En effet, l’agitation syndicale en cours est plus le fait de syndicats de base dont les militants sont confrontés aux dures réalités de la crise économique, que des centrales syndicales, qui végètent dans une profonde léthargie par la faute de certains dirigeants, que leurs conditions concrètes de vie ont progressivement éloignées du monde du travail.
Ce sont les transporteurs, qui faisant preuve de détermination et d’un esprit unitaire remarquable, ont ouvert, en décembre 2021, le bal de la contestation syndicale. À leur suite, les enseignants allaient engager des actions vigoureuses, car ayant maintenant compris, que le manque d’efficacité de leurs grèves itératives était en rapport direct avec la fragmentation de leur mouvement syndical.
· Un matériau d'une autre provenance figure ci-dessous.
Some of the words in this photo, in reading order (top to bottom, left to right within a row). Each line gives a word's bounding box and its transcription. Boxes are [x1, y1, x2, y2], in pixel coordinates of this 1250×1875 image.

De fait, c’est finalement, grâce à leur unité d’action, qu’ils arracheront les acquis les plus significatifs depuis plusieurs décennies.
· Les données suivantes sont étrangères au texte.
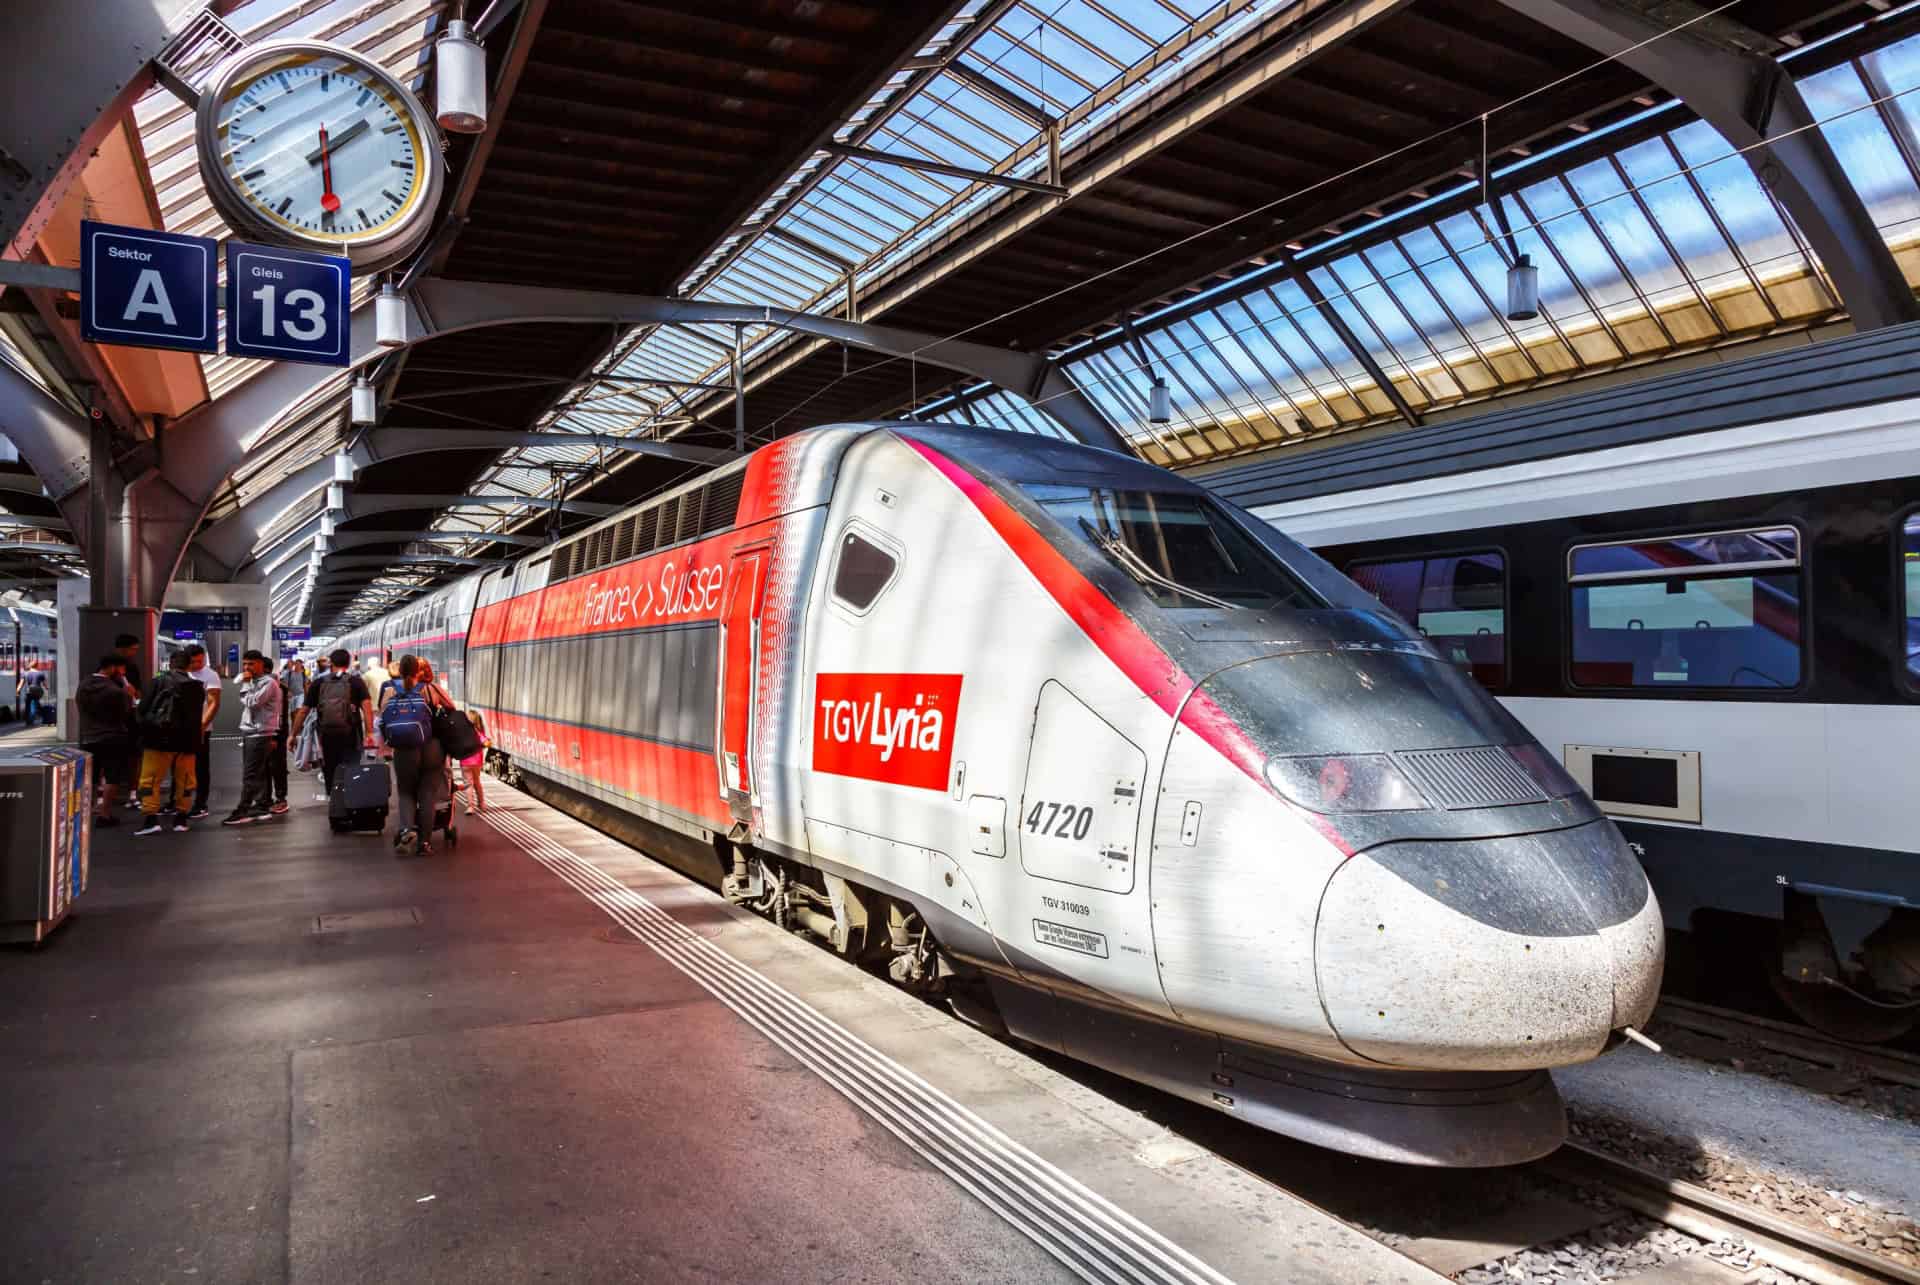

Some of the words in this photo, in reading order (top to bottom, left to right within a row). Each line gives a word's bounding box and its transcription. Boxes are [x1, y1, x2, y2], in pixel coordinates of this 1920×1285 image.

Après cela, le gouvernement a accordé des primes aux travailleurs d’autres départements ministériels identifiés par l’étude sur le système de rémunération au sein de l’Administration publique sénégalaise (agriculture, inspection du travail ...) et à certains secteurs des forces de défense et de sécurité.
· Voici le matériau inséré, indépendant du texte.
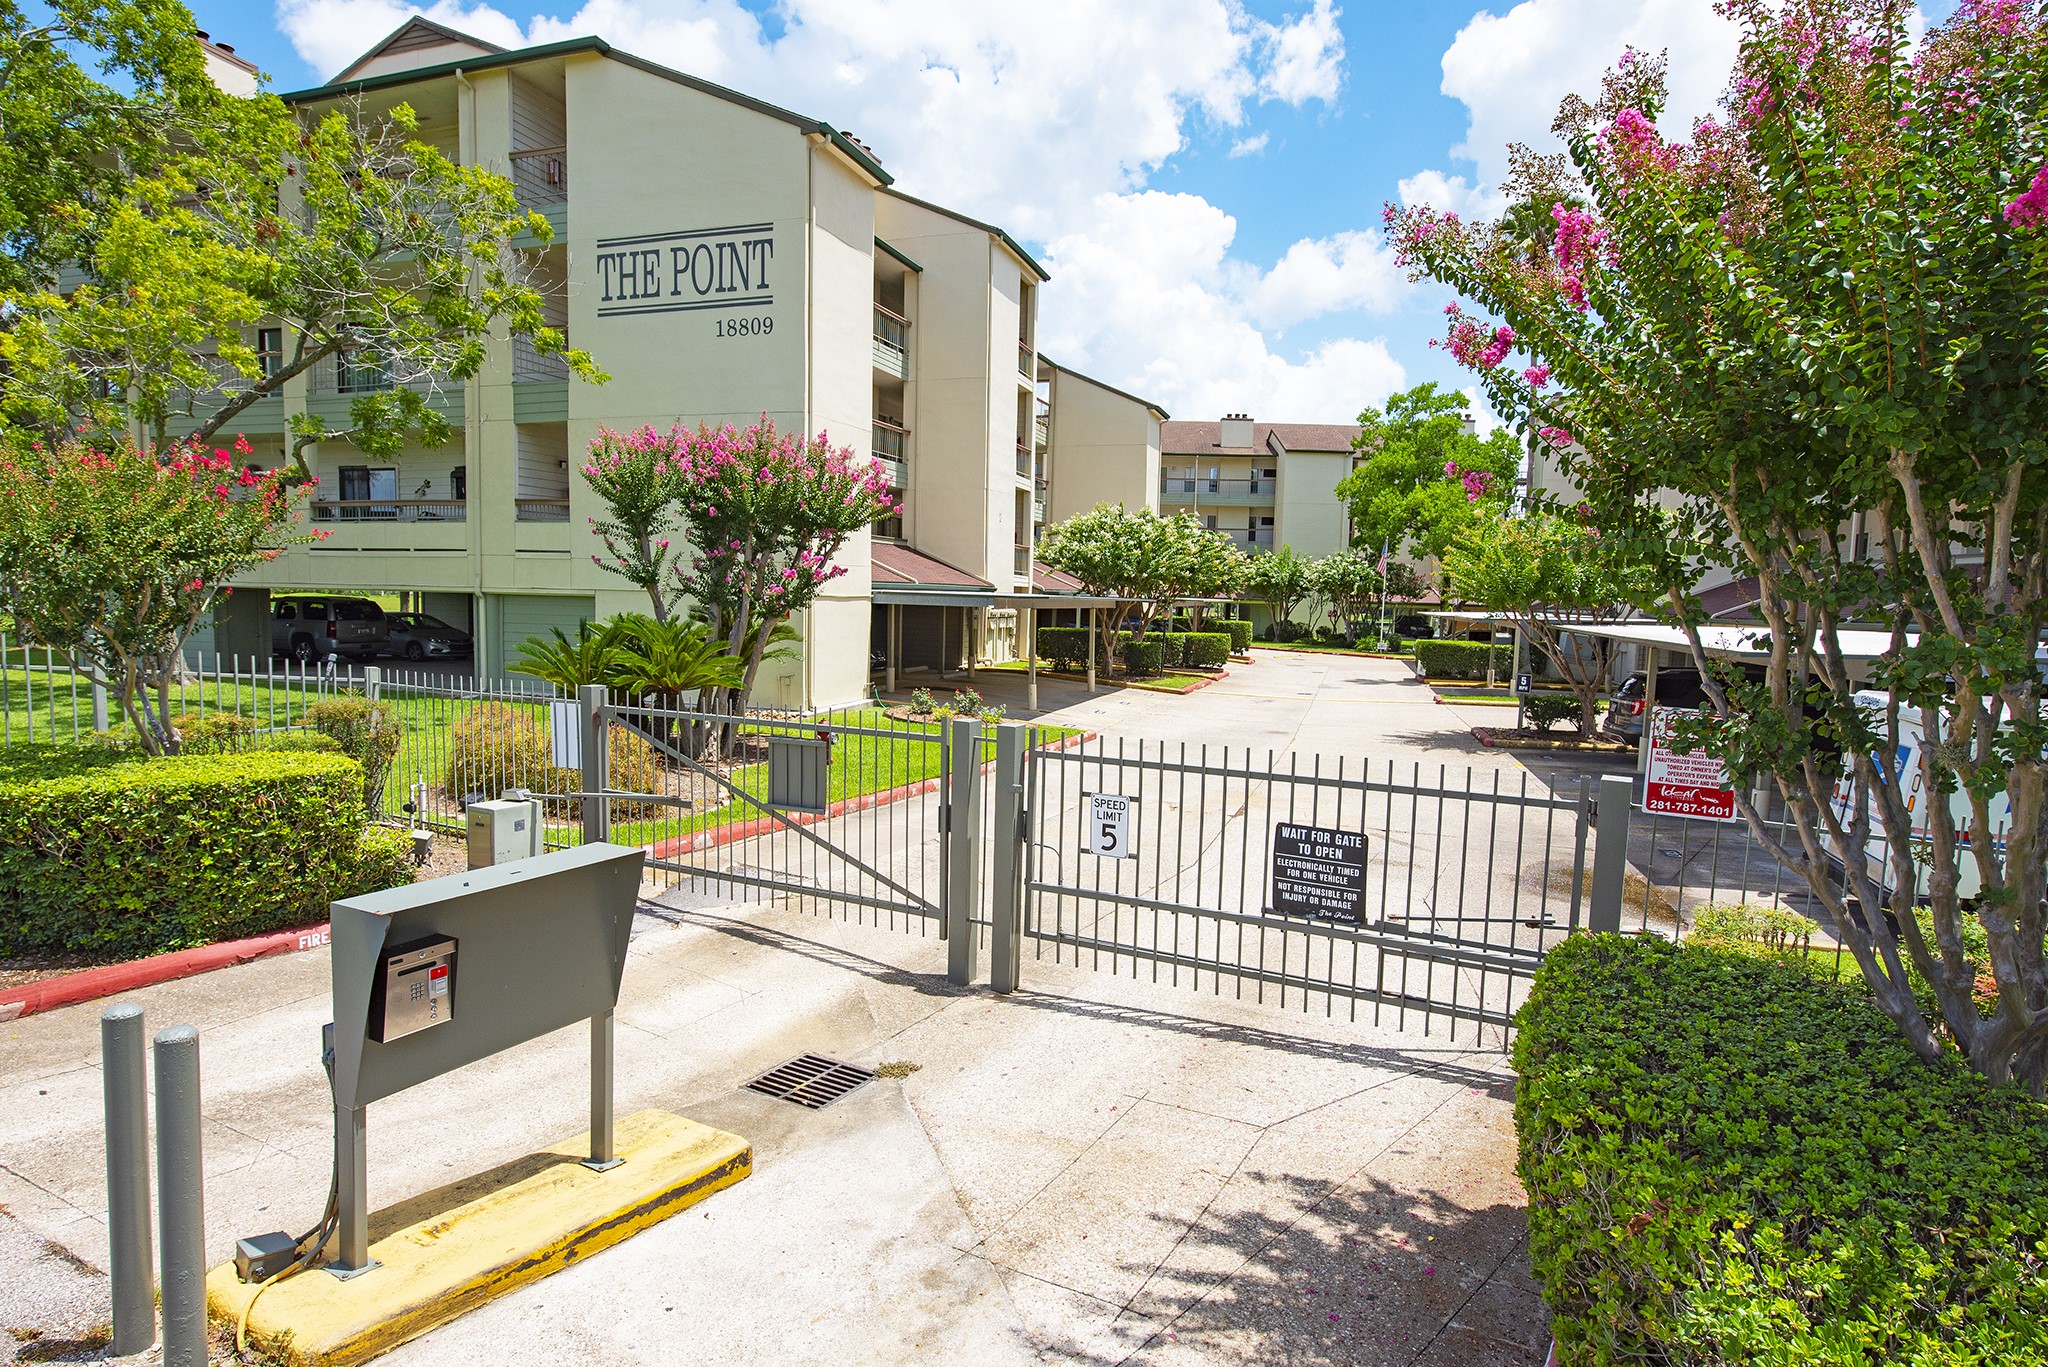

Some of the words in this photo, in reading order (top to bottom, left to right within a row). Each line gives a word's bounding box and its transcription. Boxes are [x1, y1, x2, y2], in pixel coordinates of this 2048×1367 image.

[597, 249, 660, 302] THE
[670, 238, 774, 296] POINT
[716, 316, 774, 338] 18809
[1521, 677, 1526, 685] 5
[1654, 757, 1691, 765] UNAUTHORIZED
[1666, 771, 1696, 779] OPERATOR'S
[1696, 773, 1718, 781] EXPENSE
[1690, 766, 1712, 774] OWNER'S
[1094, 798, 1126, 811] SPEED
[1650, 800, 1730, 816] 281-787-1401
[1096, 810, 1122, 822] LIMIT
[1101, 823, 1117, 851] 5
[1281, 826, 1307, 840] WAIT
[1311, 830, 1331, 844] FOR
[1335, 834, 1362, 848] GATE
[1298, 843, 1311, 855] TO
[1316, 845, 1343, 860] OPEN
[1277, 858, 1335, 874] ELECTRONICALLY
[1337, 867, 1360, 877] TIMED
[1287, 868, 1300, 878] FOR
[1303, 871, 1317, 880] ONE
[1320, 874, 1348, 885] VEHICLE
[1278, 881, 1291, 891] NOT
[1293, 884, 1341, 899] RESPONSIBLE
[1343, 892, 1358, 901] FOR
[1282, 891, 1306, 903] INJURY
[1309, 895, 1319, 905] OR
[1322, 898, 1352, 910] DAMAGE
[1318, 909, 1332, 917] The
[1333, 911, 1355, 920] Point
[299, 931, 331, 950] FIRE
Force est de constater que le ministère de la Santé et de l’Action sociale a été complètement occulté, alors qu’il est celui dont les agents, ne disposant même pas d’indemnité de logement (pour ceux n’ayant pas de logement de fonction), sont les plus mal lotis, sur le plan du système indemnitaire.
C’est également, celui où le gouvernement a choisi une stratégie de séduction des cadres supérieurs, n’épargnant même pas les ordres professionnels, par l’allongement de l’âge de la retraite et l’octroi de nouvelles primes à eux seuls, qui même insuffisantes, n’ont pas pris en compte les cadres moyens et d’autres catégories de personnel, qui pourtant sont indispensables à la bonne marche du système sanitaire.
Cette démarche discriminatoire a contribué à radicaliser les jeunes travailleurs paramédicaux, prêts à tous les sacrifices pour une amélioration de leurs conditions de vie et de travail.
Malheureusement, les organisations ayant fait les beaux jours de l’autonomie syndicale voire du syndicalisme révolutionnaire, caractérisées par un immobilisme flagrant au niveau de leurs instances de direction, donnent parfois l’impression d’avoir pour vocation de servir d’écran et d’outil de diversion face à la montée de nouvelles forces syndicales.
C’est le lieu de saluer le dynamisme d’organisations comme ceux de la fédération des syndicats de la santé (F2S), qui ambitionne d’entraîner l’ensemble des travailleurs vers de véritables batailles de principe, contrastant avec les habituelles comédies syndicales du passé.
Le moment est donc venu pour la F2S et AND GËSSËM d’aller vers l'unité d'action, pour enfin arracher des acquis substantiels, à l’image du mouvement syndical enseignant.